Faktycznie coś takiego może istniec. Ja zaobserwowałem troche inną forme: - pomalowaliśmy dom na pewien odcien brązowego - potem wszędzie widze, ten sam brązowy. Planuje kupić samochód i upatrzyłem sobie "c" klase i teraz wszędzie widać "c" klasy. Brat kupił quada - chwile potem każdy znajomy ma quada. Przykładów można mnożyć :)
@Frostoriginal: W GTA Vice City (nie wiem jak inne wersje gry) było tak, że jak ukradłeś jakichś samochód i nim jechałeś to nagle wszędzie pojawiały się takie same auta
@knowakowski: Jedno z wyjaśnień jest bardzo proste i ukazuje działanie tzw filtrów umysłowych. Po prostu kiedy skupisz się na jakiejś konkretnej rzeczy, to po prostu mózg zaczyna ją częściej wyłapywać. Popularny przykład: mówisz komuś "masz 10 sekund by zapamiętać jak najwięcej czerwonych przedmiotów w tym pokoju" a potem pytasz "ile przedmiotów jest zielonych?"
Druga "paranormalna" wersja to prawo przyciągania. Film The Secret itp, w skrócie - ludzie przyciągają to o czym
Poszukując wyjaśnienia w tej sprawie na własną rękę odkryłem pojęcie używane w psychologi nazywające się heurystyką dostępności albo heurystyką pamięci http://pl.wikipedia.org/wiki/Heurystyka_dost%C4%99pno%C5%9Bci ale wydaje mi się że zjawisko które chcemy opisać jest czymś więcej niż tylko to.
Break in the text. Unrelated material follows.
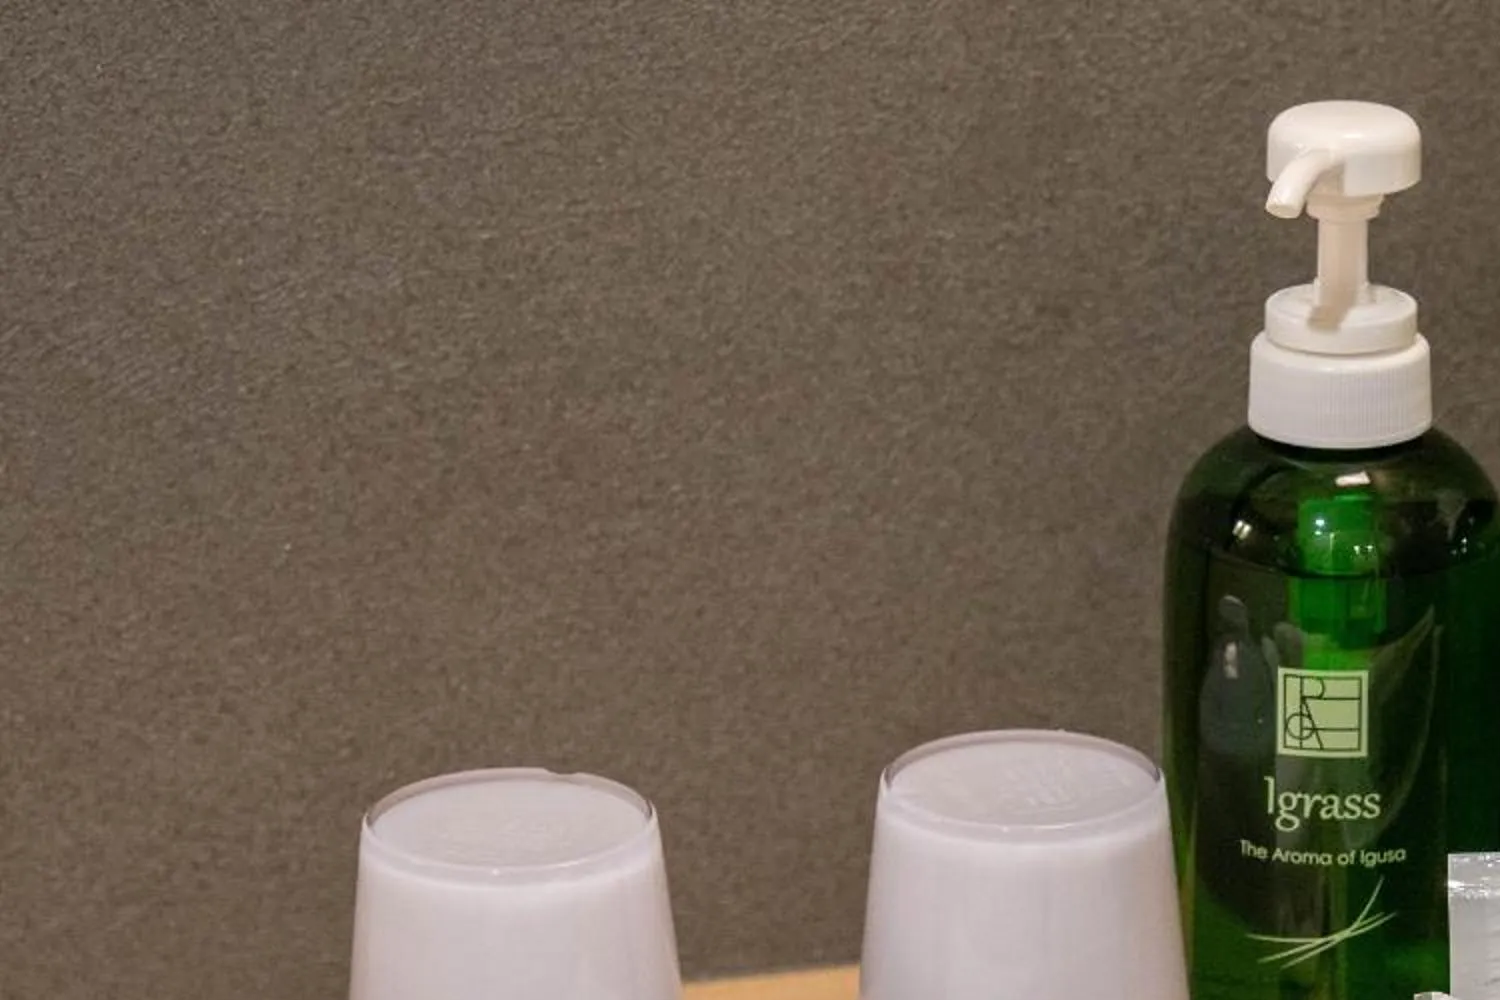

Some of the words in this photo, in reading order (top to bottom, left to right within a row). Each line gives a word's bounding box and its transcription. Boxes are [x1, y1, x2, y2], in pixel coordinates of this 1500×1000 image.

[1240, 839, 1268, 860] The
[1272, 847, 1333, 866] Aroma
[1337, 850, 1356, 866] of
Co wy o tym myślicie?
@Darnok19: dla mnie to znaczy tylko tyle że człowiek gdy zacznie przywiązywać do czegoś uwagę to zauważa to częściej, np: jeżdżąc jako kurier np: w dhl widzisz dużo kurierów z dhl, jadąc rowerem widzisz dużo ludzi na rowerach, jadąc samochodem marki honda civic widzisz dużo hond civic w okół siebie, po prostu zwracasz na to większą uwagę i tyle.
Ja miałem kilka/kilkanaście razy w życiu takie coś jak opisałeś. Jest to naprawdę ciekawe zjawisko :). U mnie było to na zasadzie poznania nowego słowa w szkole czy w Internecie (najczęściej jednak w szkole), a później ktoś użył tego słowa (zwykle 2-3x zdarzało mi się je usłyszeć).
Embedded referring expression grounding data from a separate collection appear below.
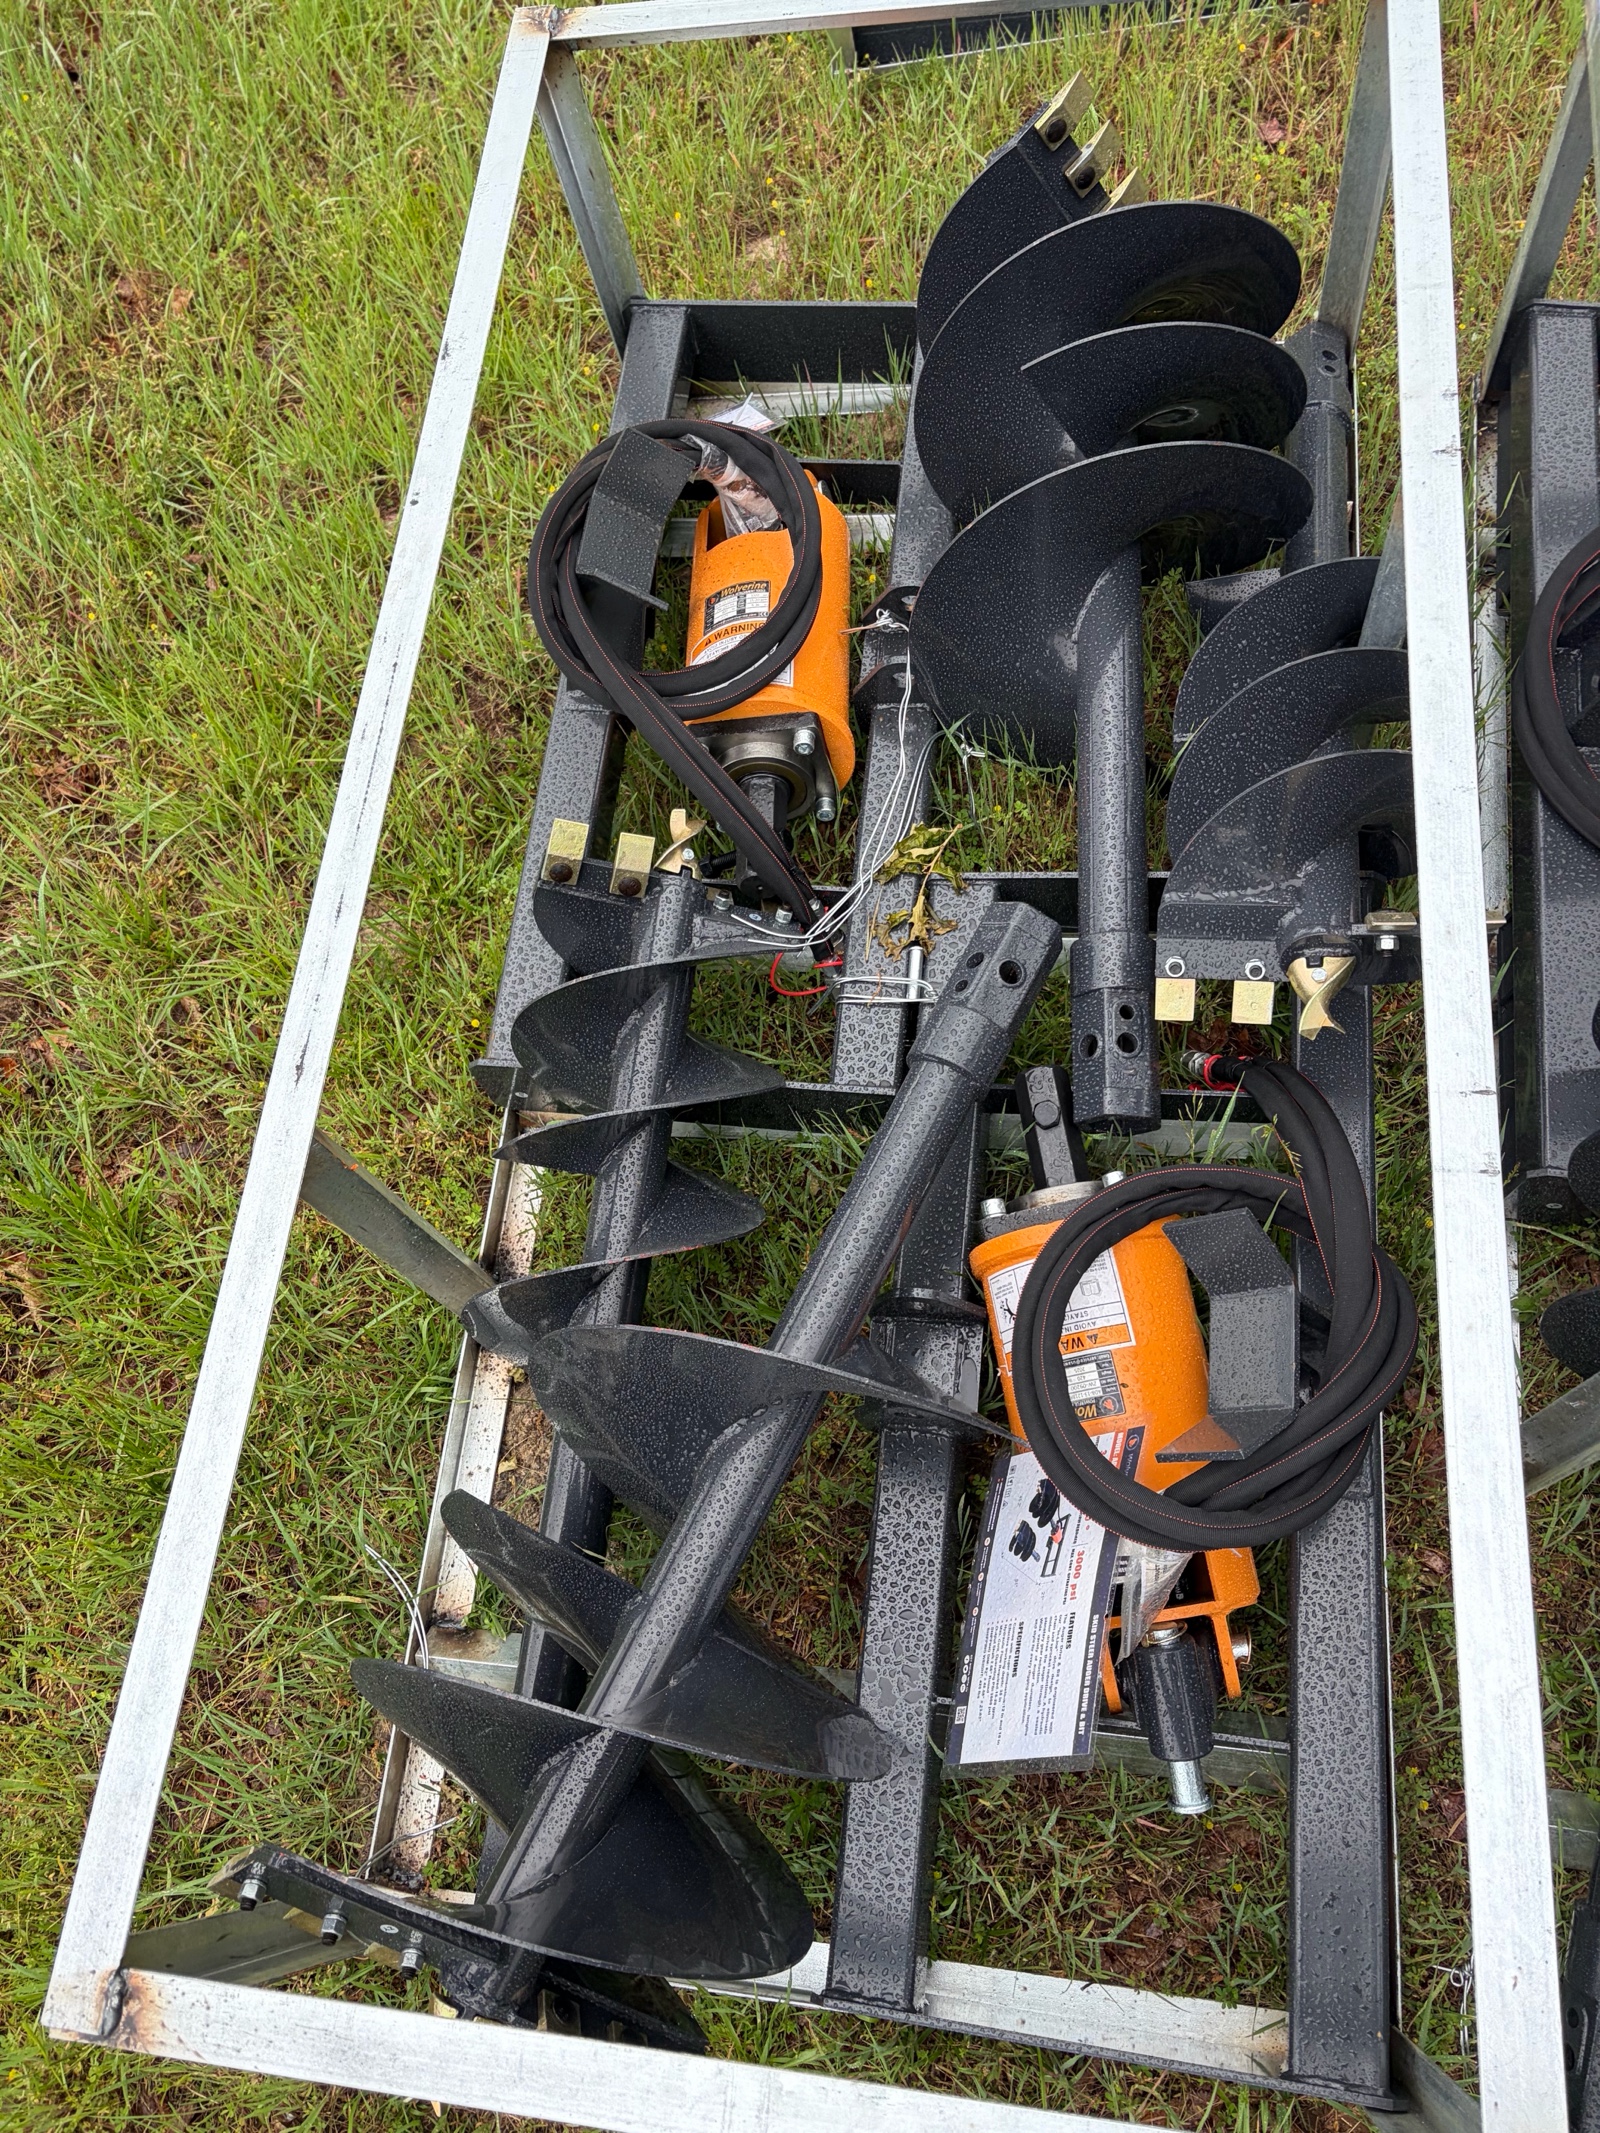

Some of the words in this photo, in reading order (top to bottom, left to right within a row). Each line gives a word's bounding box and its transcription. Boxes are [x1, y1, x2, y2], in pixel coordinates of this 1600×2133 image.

[720, 582, 767, 597] Wolverine
[1113, 1431, 1123, 1457] MODEL:
[1073, 1549, 1084, 1579] 3000
[1068, 1582, 1078, 1601] psi
[1065, 1611, 1075, 1649] FEATURES
[1090, 1613, 1099, 1633] SKID
[1011, 1620, 1024, 1678] SPECIFICTIONS
[1087, 1634, 1096, 1658] STEER
[1083, 1659, 1093, 1686] AUGER
[1080, 1686, 1089, 1712] DRIVE
[1077, 1720, 1085, 1735] BIT
[1079, 1712, 1086, 1720] &
@VincentVega: A ja właśnie bardziej zwracam uwagę na słowa, których nie znam. I już niejednokrotnie przeżyłem coś podobnego. W zasadzie ostatnio nawet myślałem, żeby zacząć spisywać takie przypadki.
I wcale nie chodzi o sytuację tego typu, jak kiedy po rozpoczęciu kursu na prawy jazdy nagle widzisz więcej elek na ulicach. Bo to jest oczywiste.
Bardziej coś w stylu, że wczoraj rozmawiałem ze swoim znajomym dokładnie o tym zjawisku.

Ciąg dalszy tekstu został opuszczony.